Grupy dyskusyjne   »   pl.biznes.banki   »   Dziwna sytuacja z mojej pracy - negocjowanie lokat

Dziwna sytuacja z mojej pracy - negocjowanie lokat

Data: 2010-09-22 09:52:56
Autor:
Dziwna sytuacja z mojej pracy - negocjowanie lokat
  <wiesian@WYTNIJ.gazeta.pl> napisał(a):
On odpowiada - proszę pani wiem że są , dadzą i pani 5 % i uwaga "cytat" ale
"wyślą panią do Grecji na wakacje"  hahahaha

No coz - prawda jest ze Polbank to nie jest bank w Polsce, to tylko instytucja
finansowa udajaca bank.
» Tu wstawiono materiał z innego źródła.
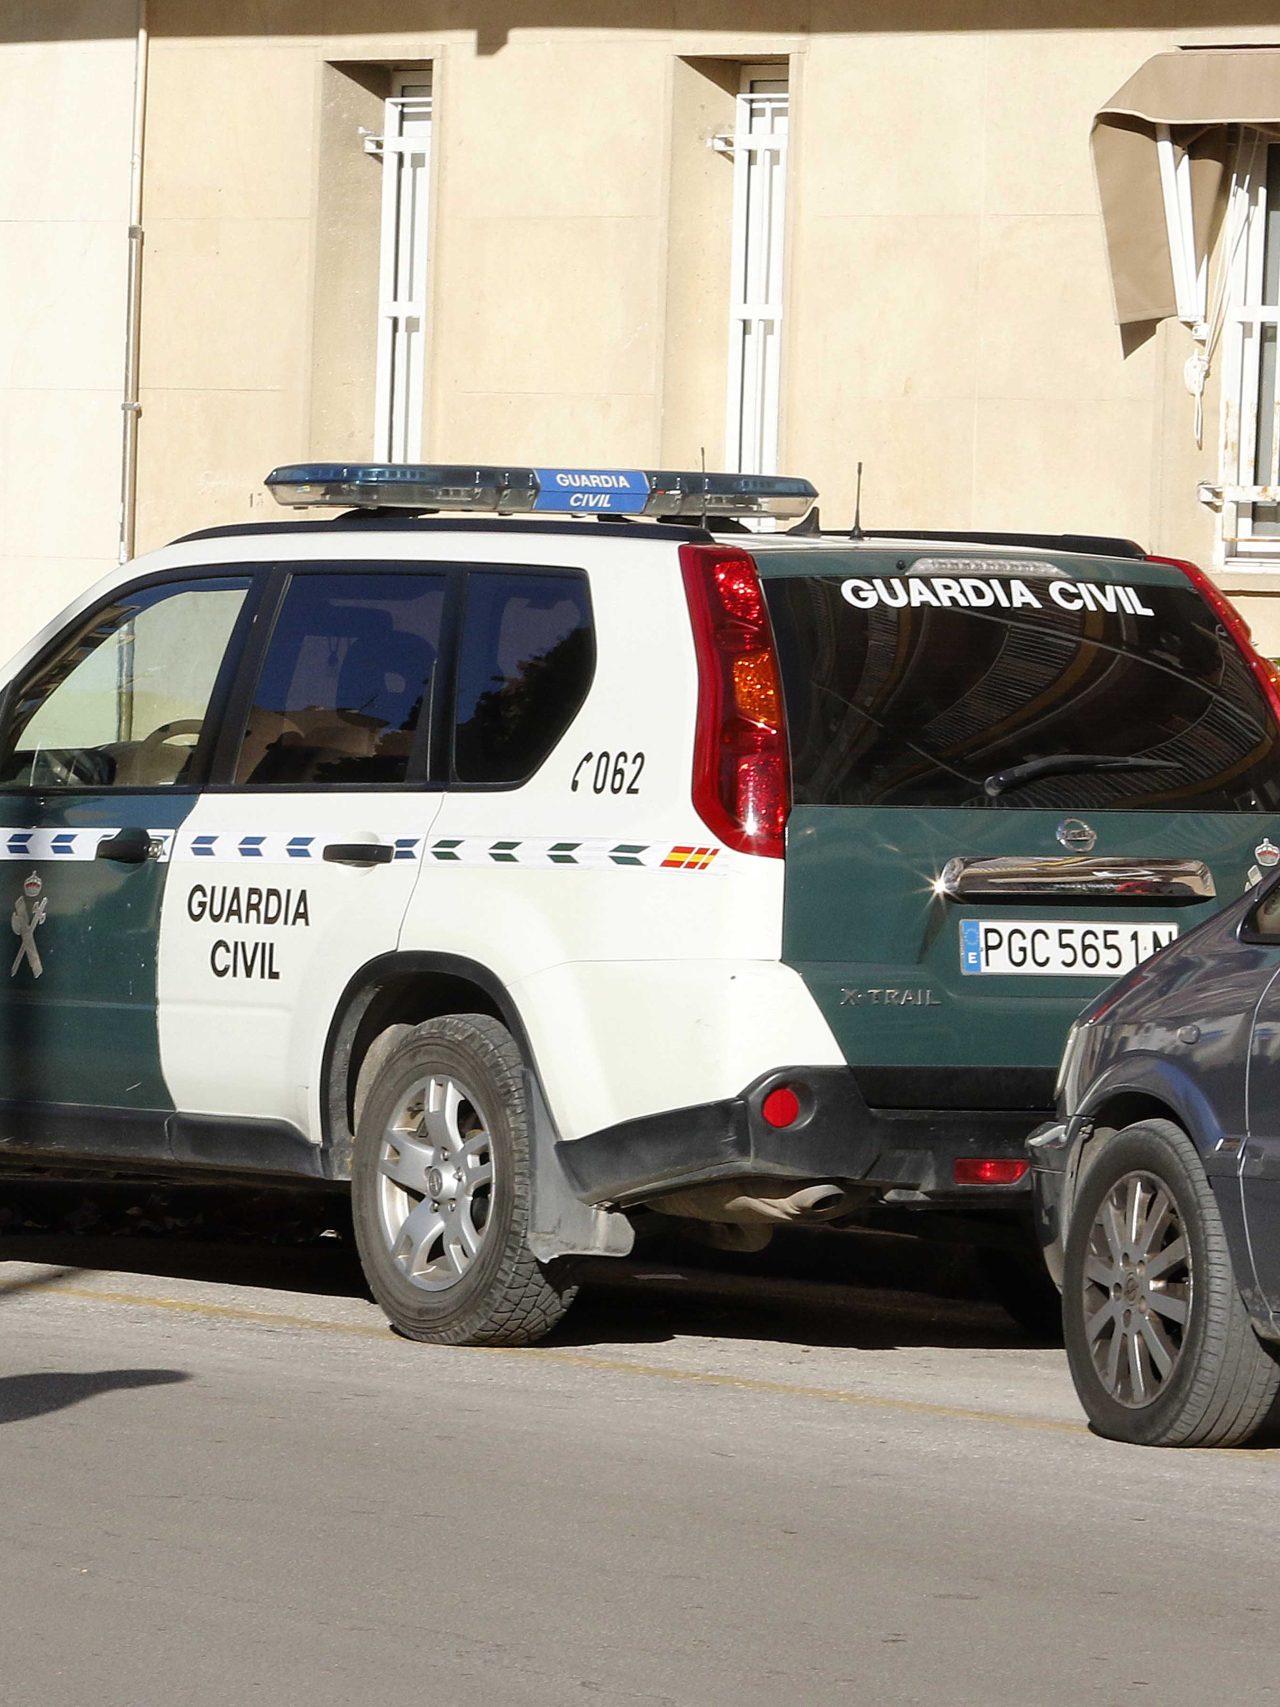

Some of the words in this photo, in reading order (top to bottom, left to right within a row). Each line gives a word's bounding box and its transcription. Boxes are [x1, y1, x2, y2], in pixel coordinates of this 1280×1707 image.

[556, 473, 630, 489] GUARDIA
[569, 493, 612, 508] CIVIL
[840, 577, 1043, 609] GUARDIA
[1048, 580, 1155, 617] CIVIL
[593, 751, 645, 795] 062
[187, 884, 310, 926] GUARDIA
[210, 939, 280, 980] CIVIL
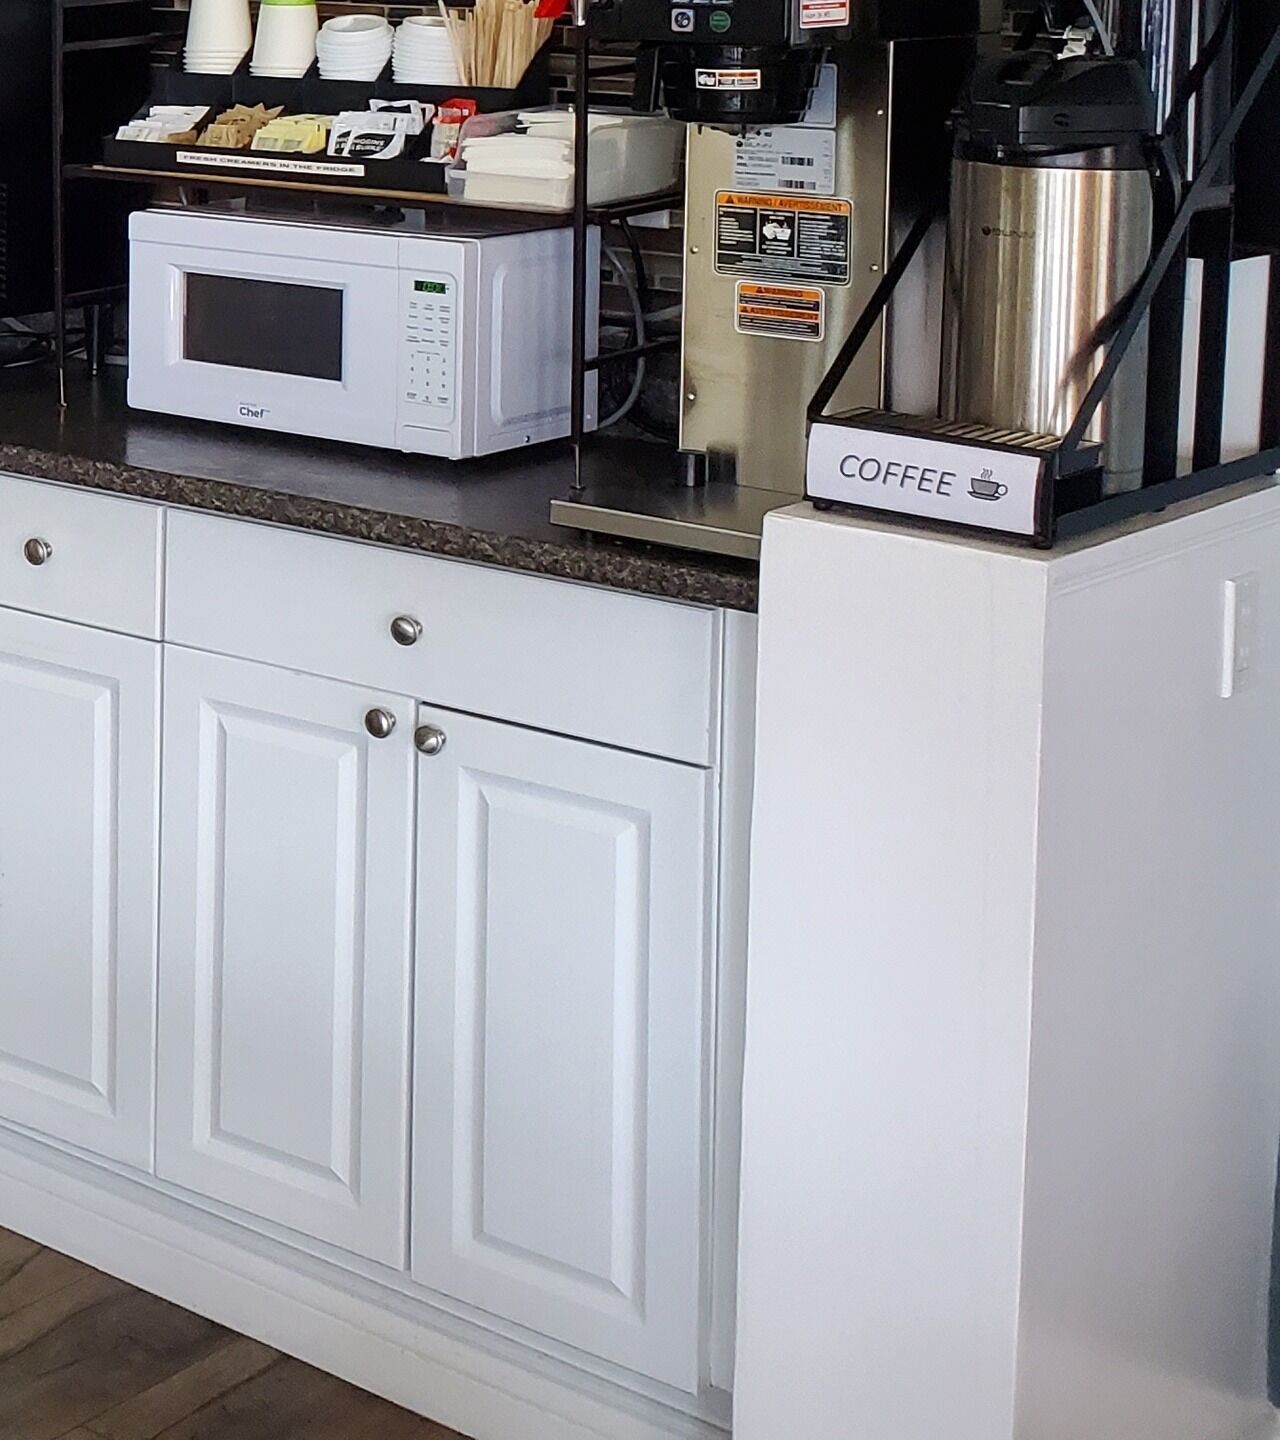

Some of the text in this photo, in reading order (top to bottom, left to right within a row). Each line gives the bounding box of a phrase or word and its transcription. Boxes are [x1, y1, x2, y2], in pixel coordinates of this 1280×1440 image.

[183, 154, 217, 163] FRESH
[219, 157, 277, 168] CREAMERS
[316, 165, 356, 173] FRIDGE
[239, 406, 265, 419] Chef
[839, 454, 957, 497] COFFEE
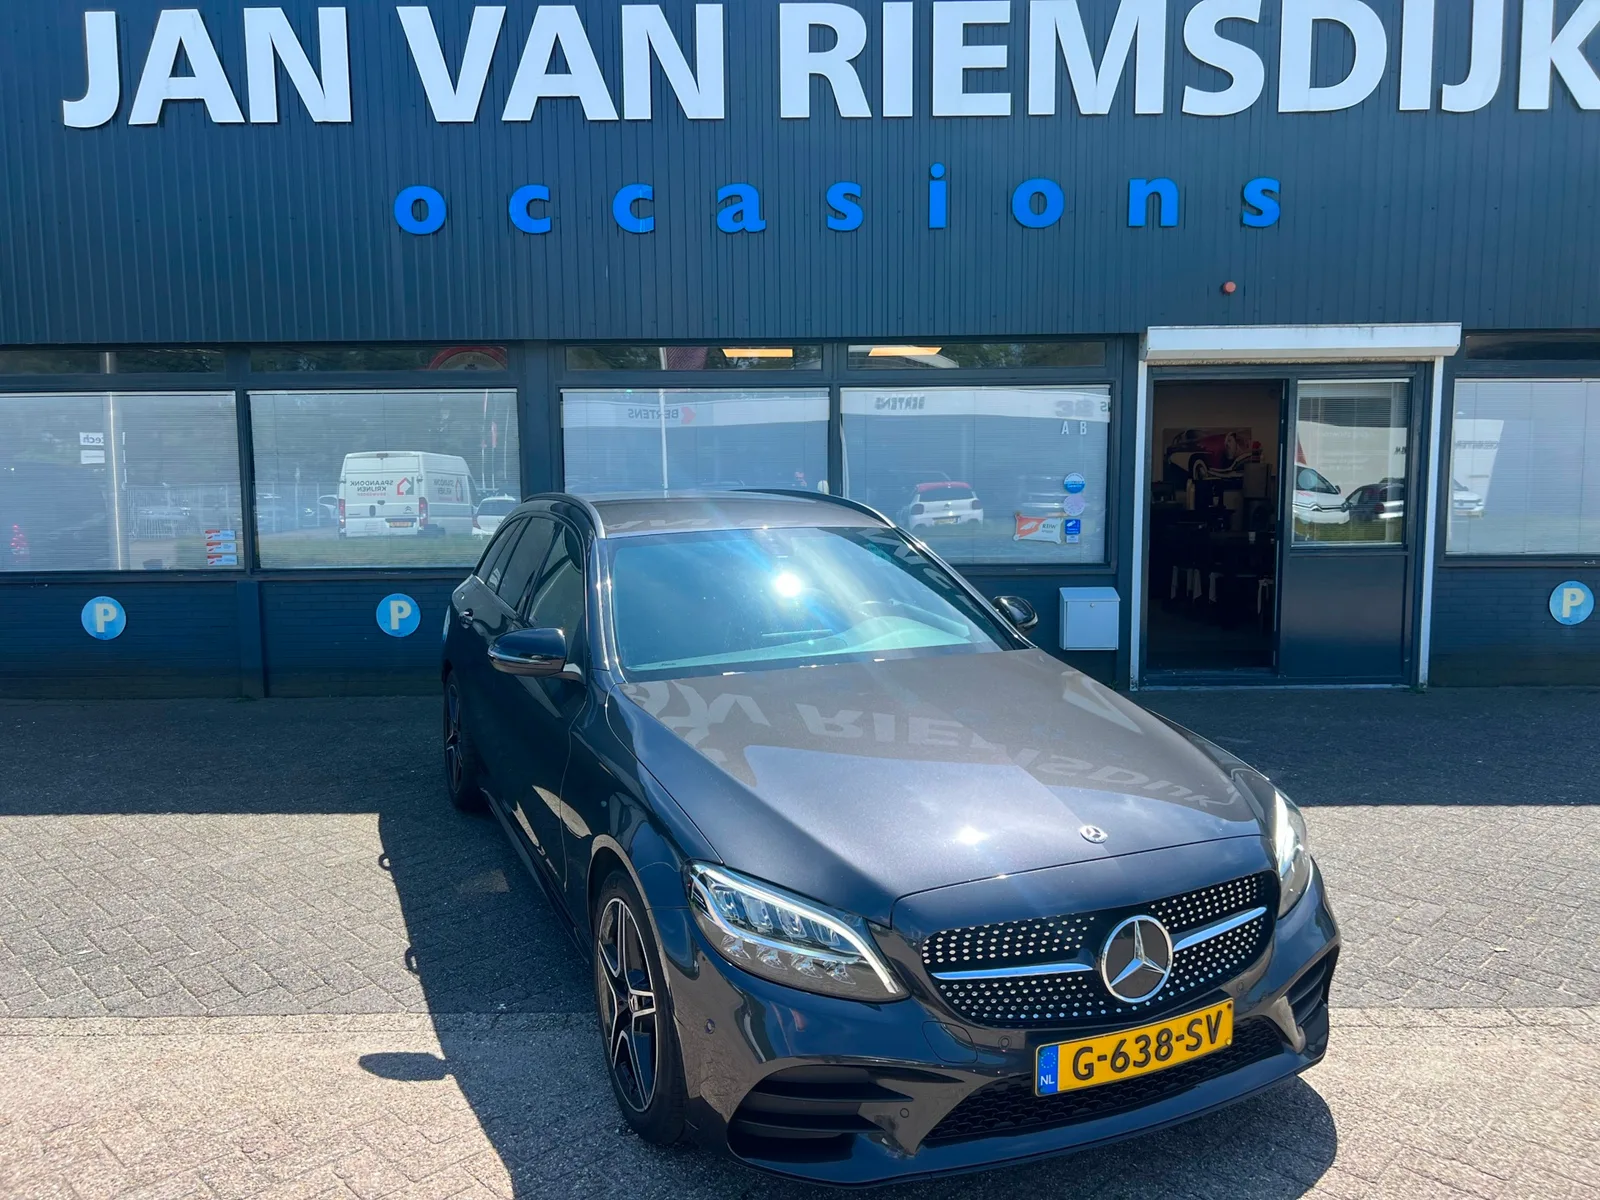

I akurat wiekszosc zarzutow jest prawdziwa -
niespecjalnie rozumiem o czym tu dyskutowac. To ze dla ciulacza wazniejsze
jest zeby miec jeden procent nie ma znaczenia dla firmy, ktora zwykle ma duzo
wieksze srodki na lokatach i ryzykowanie w pseudo-banku dla dwoch procentow
nie jest zbyt madre. Takie jest zycie, co poradzisz?  To podobne do pytan sprzed kilku lat - czemu to firmy i ludzie sa tak gl*upi
ze trzymaja kase na lokatach a nie na funduszach inwestycyjnych. Maly moze
sobie pozwolic a duzy juz powinien wybrac bezpieczenstwo.  A pod wzgledem formalnym to Polbank to takie "cos" - chcesz to testowac,
Twoja sprawa. Ja potestowalem i nigdy tam nie wroce - ale ja przynajmniej
mialem sensowny powod (czyt. progi BFG) a nie tylko czyste zaufanie bazujace
na kilku tekstach ze strony internetowej.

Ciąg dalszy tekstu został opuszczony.